風邪やインフルエンザになった時、抗生物質にお世話になったことのある方は少なくないのではないだろうか? 抗生物質とは、病原菌などの微生物やウイルスの増殖や生理機能を阻害する化学物質であり、感染症の治療などに広く用いられている。
しかし、微生物の中には、そうした抗生物質に耐性を獲得する、いわば「薬剤耐性進化」をする多剤耐性菌が出現していて、世界的な問題になっている。つまり、これまで効果のあった抗生物質が効かなくなってしまうのだ。そうした観点から、微生物の「薬剤耐性進化」のプロセスを明らかにする研究の重要度は増すばかりだ。
この度、理化学研究所 生命機能科学研究センターと、東京大学大学院 理学系研究科の共同研究チームは、微生物の一種である大腸菌の「進化実験」と「データ解析」をおこなった。この結果、大腸菌が薬剤耐性を得る進化メカニズムが明らかになってきた。

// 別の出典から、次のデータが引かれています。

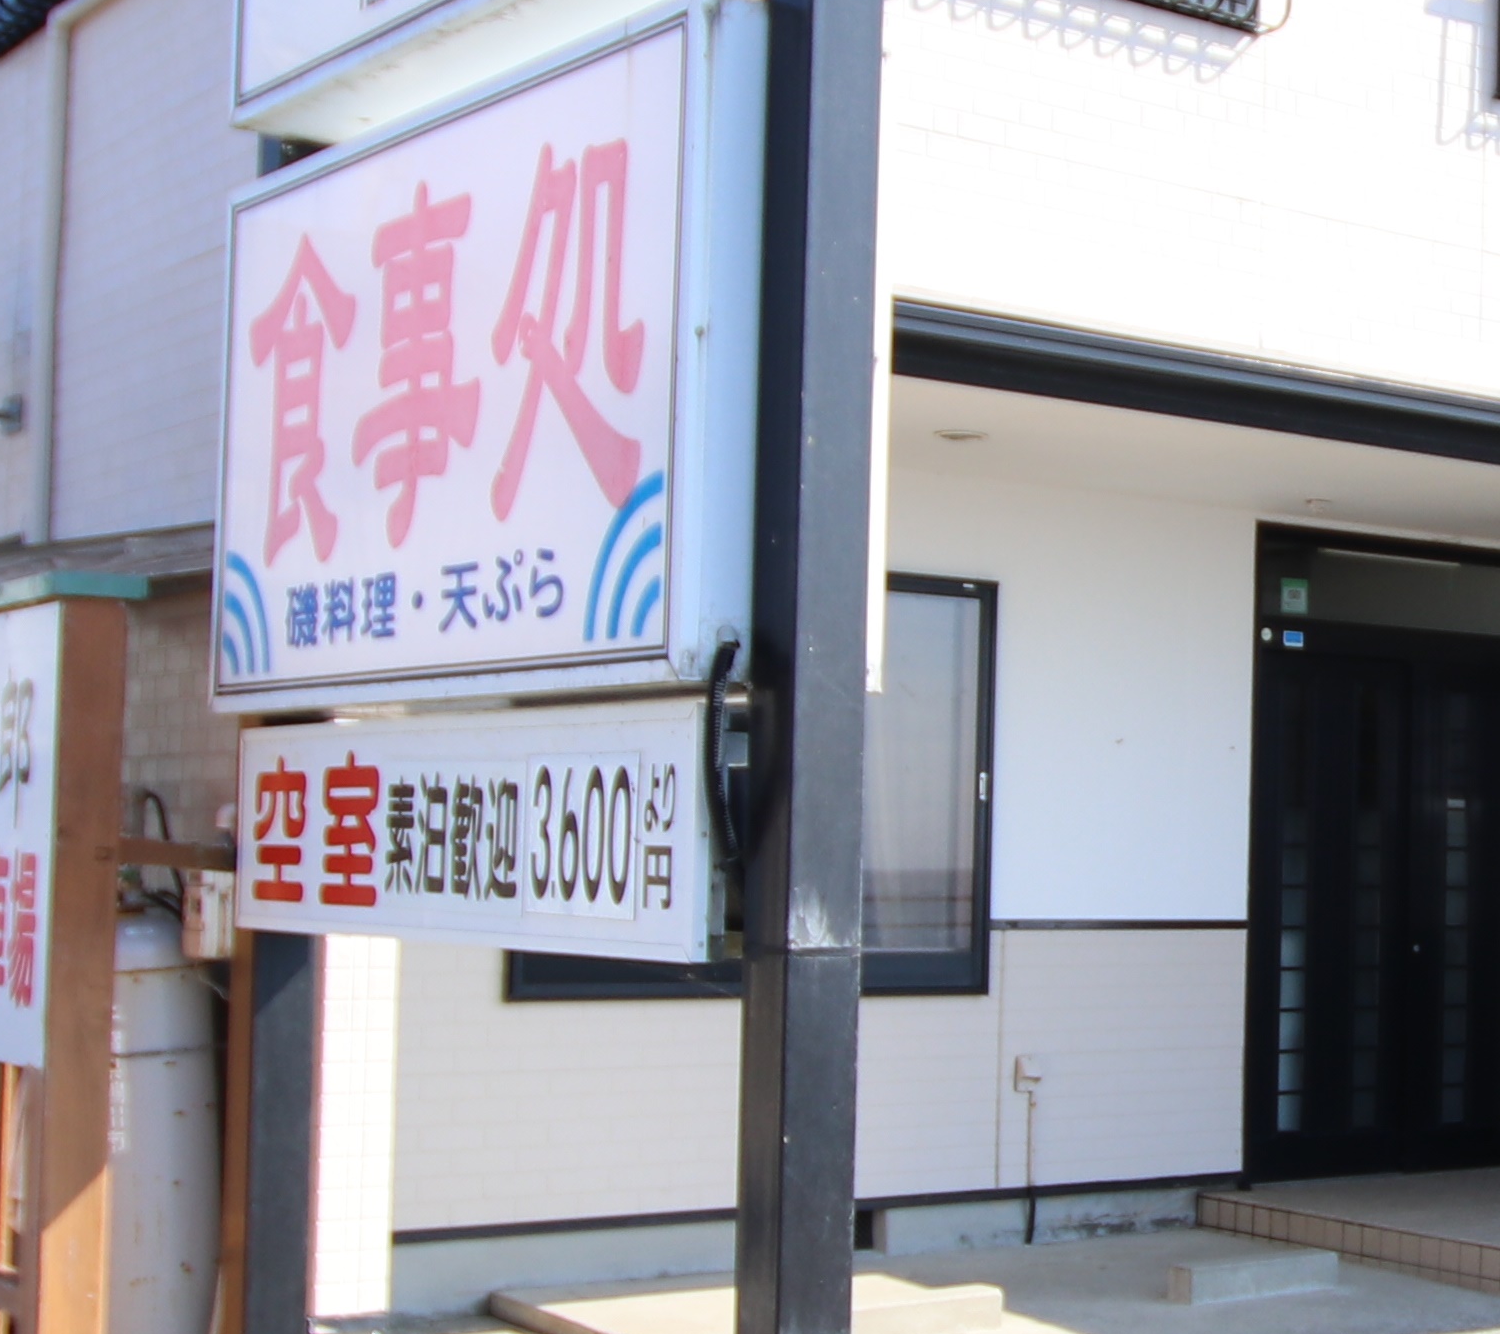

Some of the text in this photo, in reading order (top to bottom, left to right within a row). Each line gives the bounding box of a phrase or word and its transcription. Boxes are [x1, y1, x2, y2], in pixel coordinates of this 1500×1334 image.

[250, 138, 645, 567] 食事処
[285, 547, 565, 648] 磯料理・天ぷら
[252, 749, 381, 907] 空室
[384, 771, 519, 901] 素泊歓迎
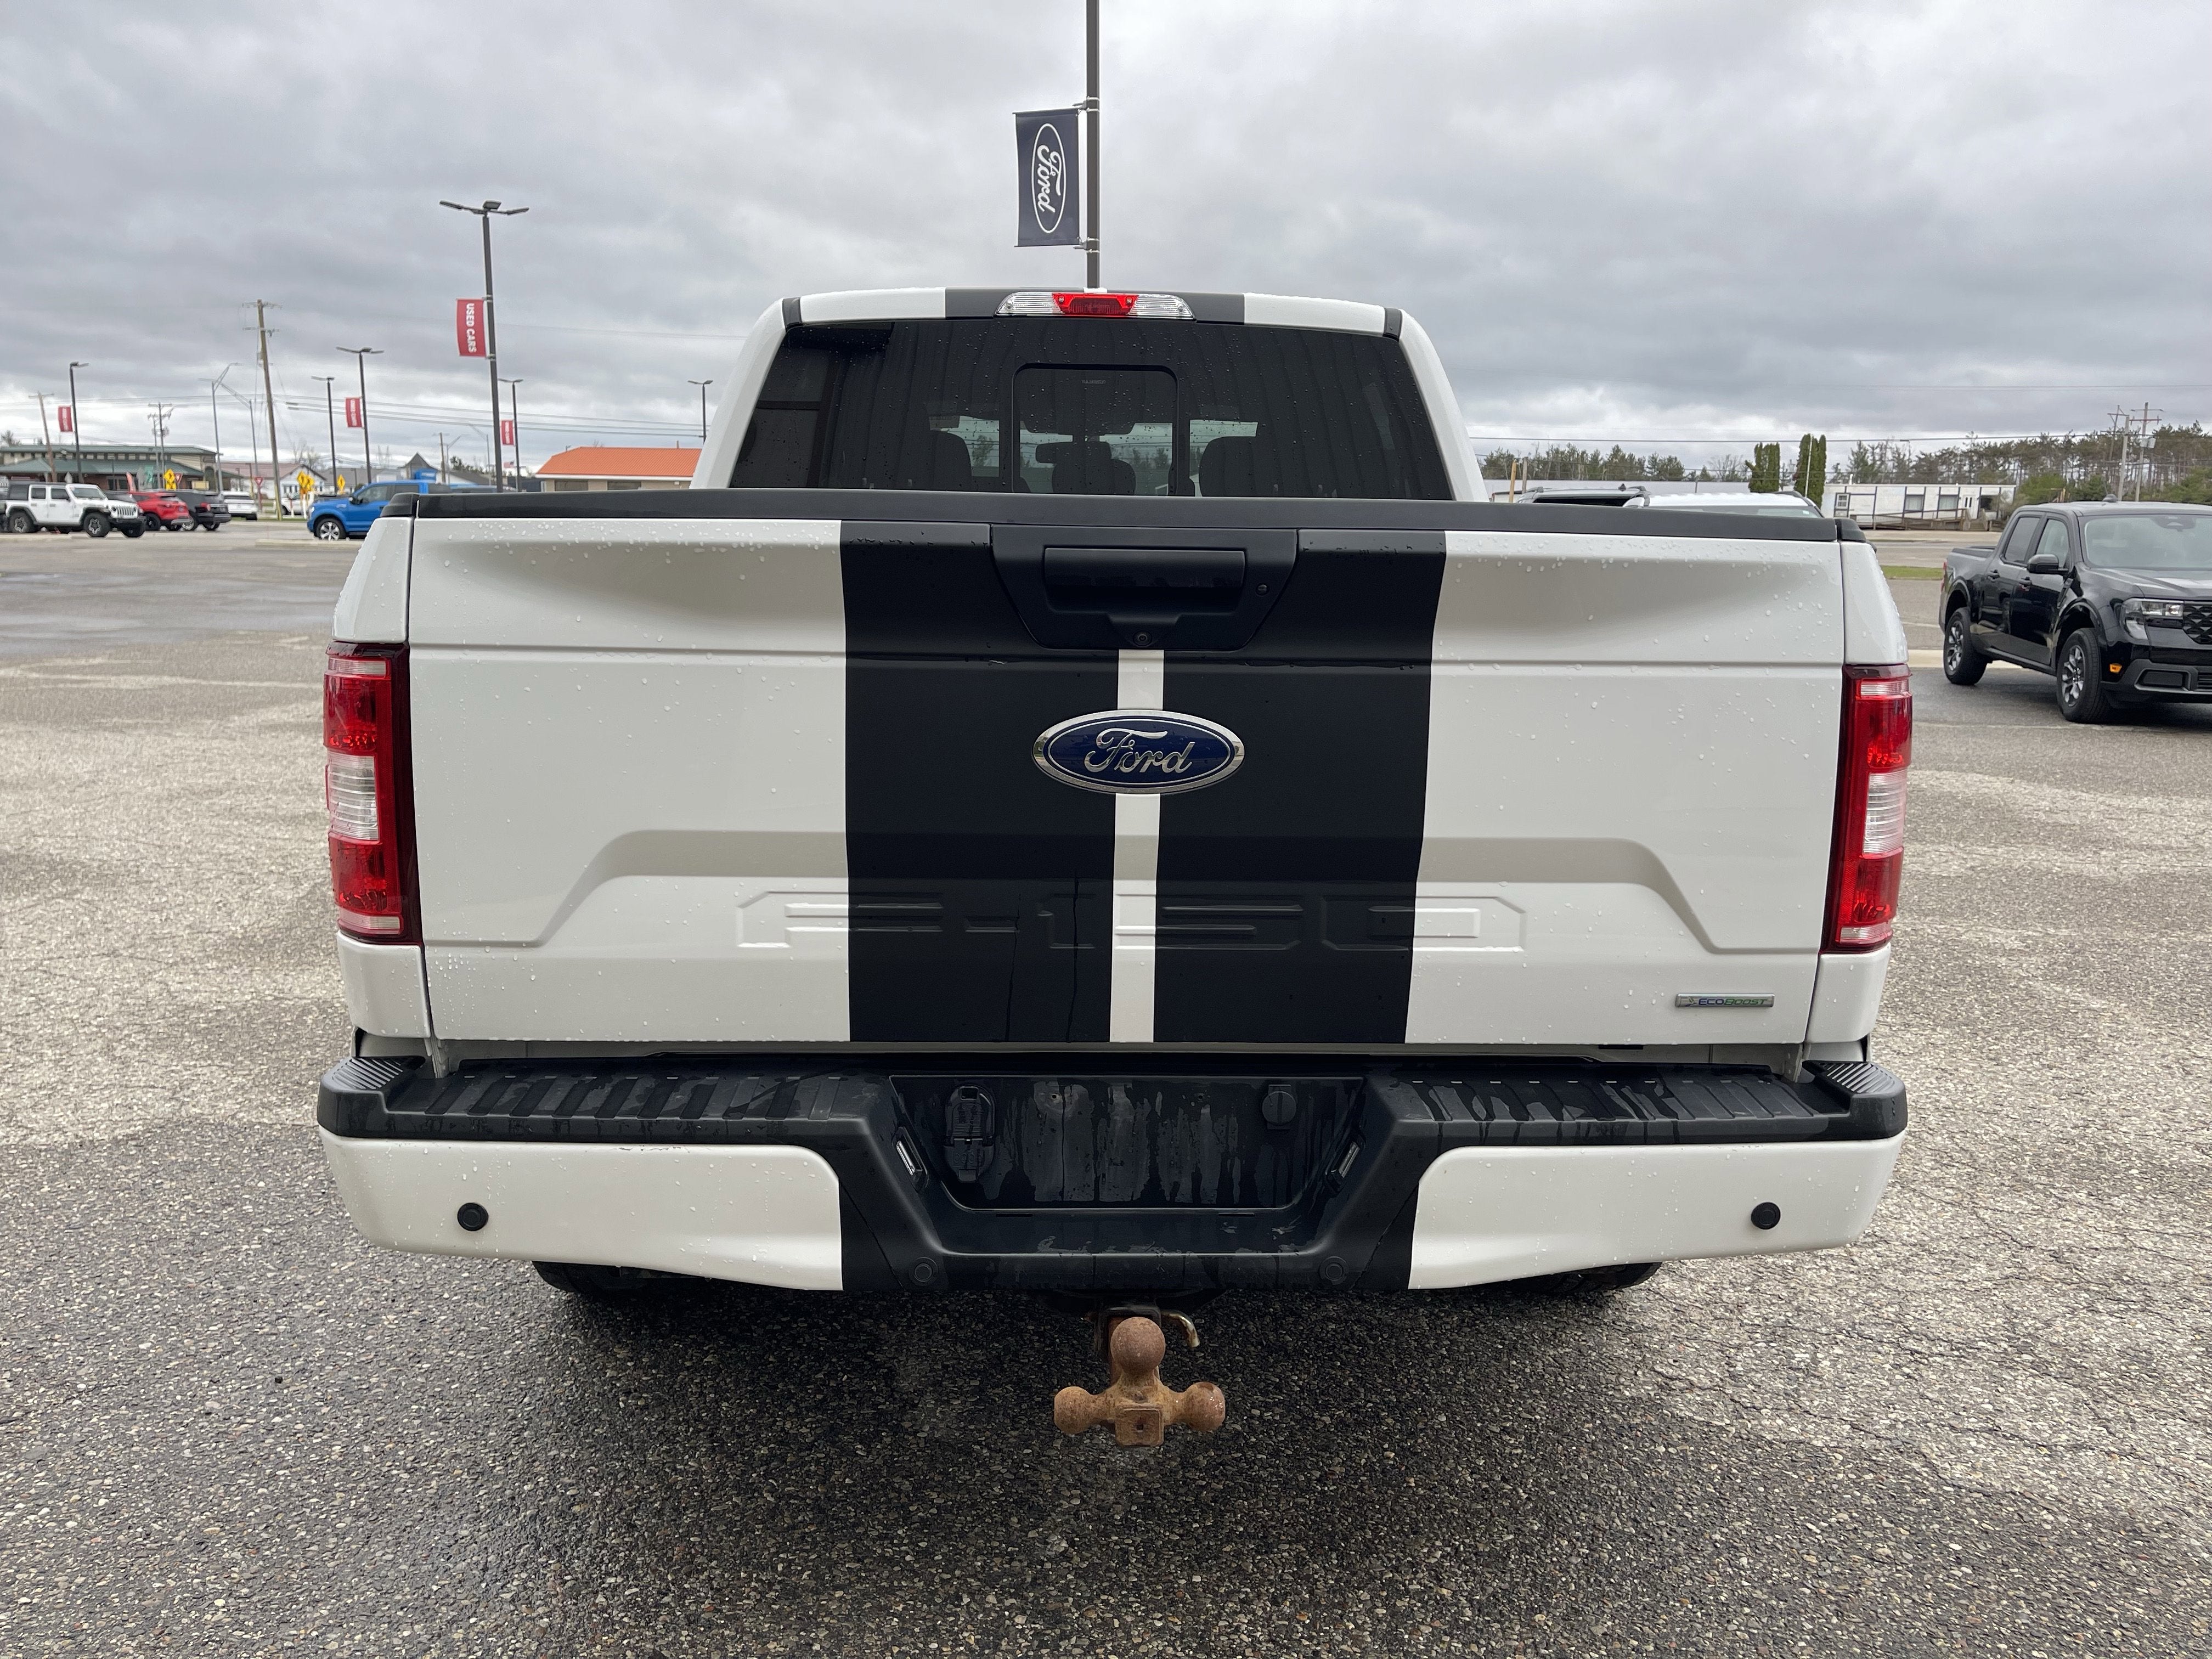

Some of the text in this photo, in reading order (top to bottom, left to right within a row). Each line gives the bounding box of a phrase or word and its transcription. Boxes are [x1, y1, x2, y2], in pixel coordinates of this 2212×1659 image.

[1037, 144, 1061, 213] Ford
[466, 303, 477, 353] USED CARS
[1084, 727, 1195, 774] Ford

この研究では、まず、大腸菌への薬剤添加と植え継ぎを長期間おこない、その過程でどのように突然変異が起こり、薬剤耐性を獲得するかを調べる「進化実験」を実施した。これまでは、人の手でおこなえる実験数の少なさなどにより、使える薬剤の種類も限られていたが、共同研究チームでは、ラボオートメーションを用いた「進化実験ロボット」を開発。これまでになかったスケールでの進化実験が可能となった。こうした技術開発により、大腸菌の耐性獲得を抑制する157の薬剤の組み合わせが発見され、これらの中には新しく判明した組み合わせも多くみられた。

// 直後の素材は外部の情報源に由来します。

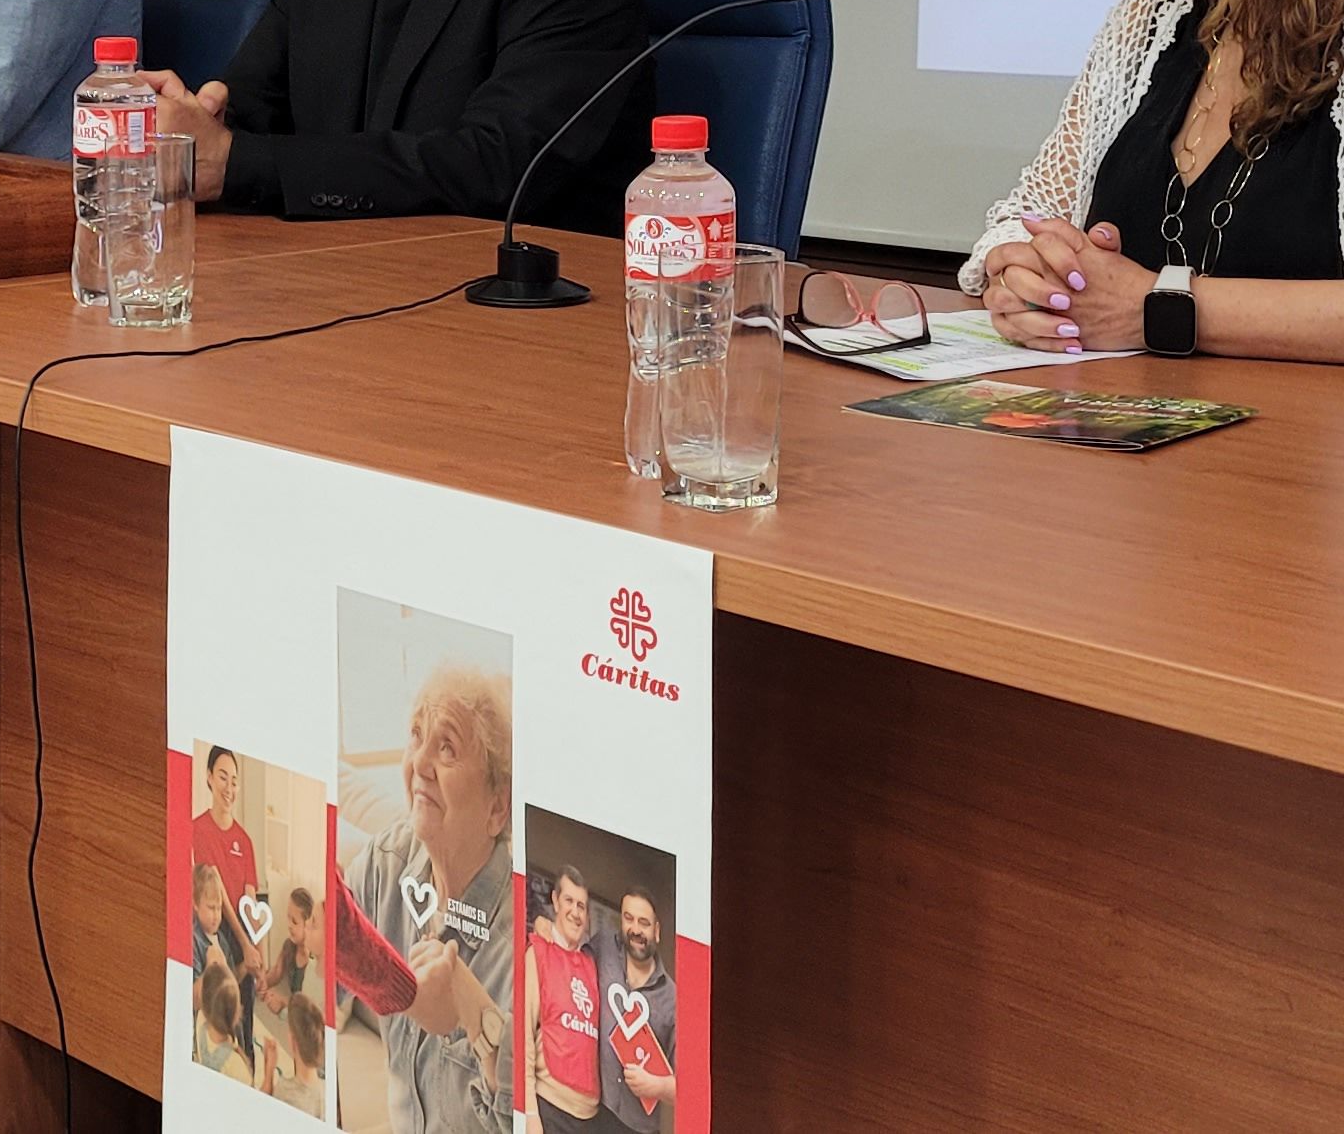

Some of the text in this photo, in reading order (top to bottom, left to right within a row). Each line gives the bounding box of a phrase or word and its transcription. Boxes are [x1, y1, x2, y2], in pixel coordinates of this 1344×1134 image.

[581, 653, 680, 702] Cáritas
[447, 897, 487, 925] ESTAMOS EN
[443, 913, 490, 942] CADA IMPULSO

次に、大腸菌がどのように薬剤への耐性を獲得したのか、メカニズムのデータ解析がおこなわれた。これまでは、そのデータ量そのものが膨大でノイズも多く、解釈が難しかった。研究チームは、新たな機械学習の手法を開発することで、薬剤耐性変化の予測に重要な213もの遺伝子を明らかにした。さらに、今回の解析によって、大腸菌が薬剤耐性を変幻自在に獲得できるわけではなく、むしろ限られた少数の耐性化戦略しか潜在的に備えていないことも判明した。

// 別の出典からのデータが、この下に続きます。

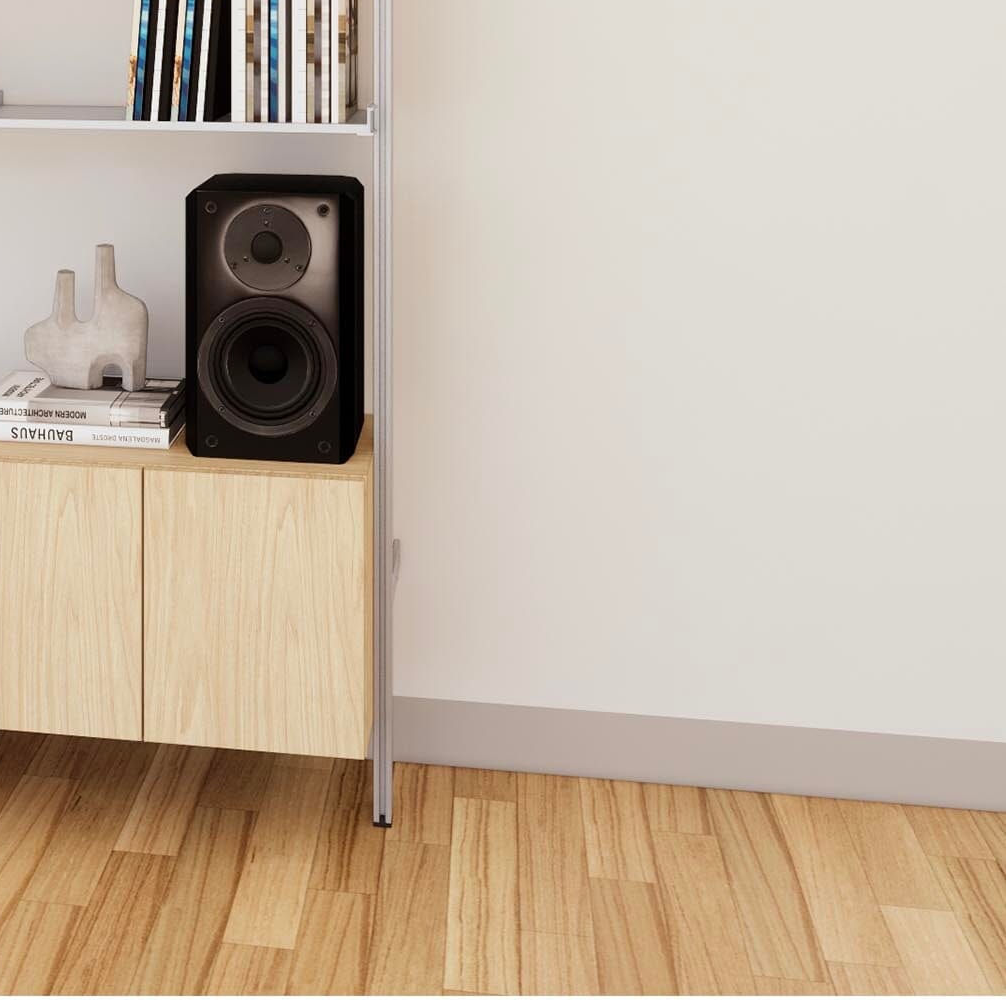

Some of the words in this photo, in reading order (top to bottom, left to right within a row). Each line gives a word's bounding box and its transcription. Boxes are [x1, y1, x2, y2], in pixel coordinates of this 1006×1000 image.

[0, 408, 53, 418] ARCHITECTURE
[55, 410, 86, 419] MODERN
[11, 427, 73, 441] BAUHAUS

今回の実験から得られたデータや解析手法は、微生物の進化過程を予測・制御するための基盤になると考えられる。それによって、抗生物質に対する病原菌の耐性進化を抑制する手法の開発に加え、工学・農学分野における有用微生物の育種への応用などが期待される。
Reference:以下の情報を参考に作成しています
理化学研究所に掲載のプレスリリース(2020年11月24日)より編纂
https://www.riken.jp/press/2020/20201124_3/index.html
[ ここに注目 by KOSMOST編集部 ]
KOSMOST では、「微生物のこと( https://kosmost.jp/category/microorganisms/ )」を中心に、「人間と微生物との関係」について、コラムを通じて紹介しています。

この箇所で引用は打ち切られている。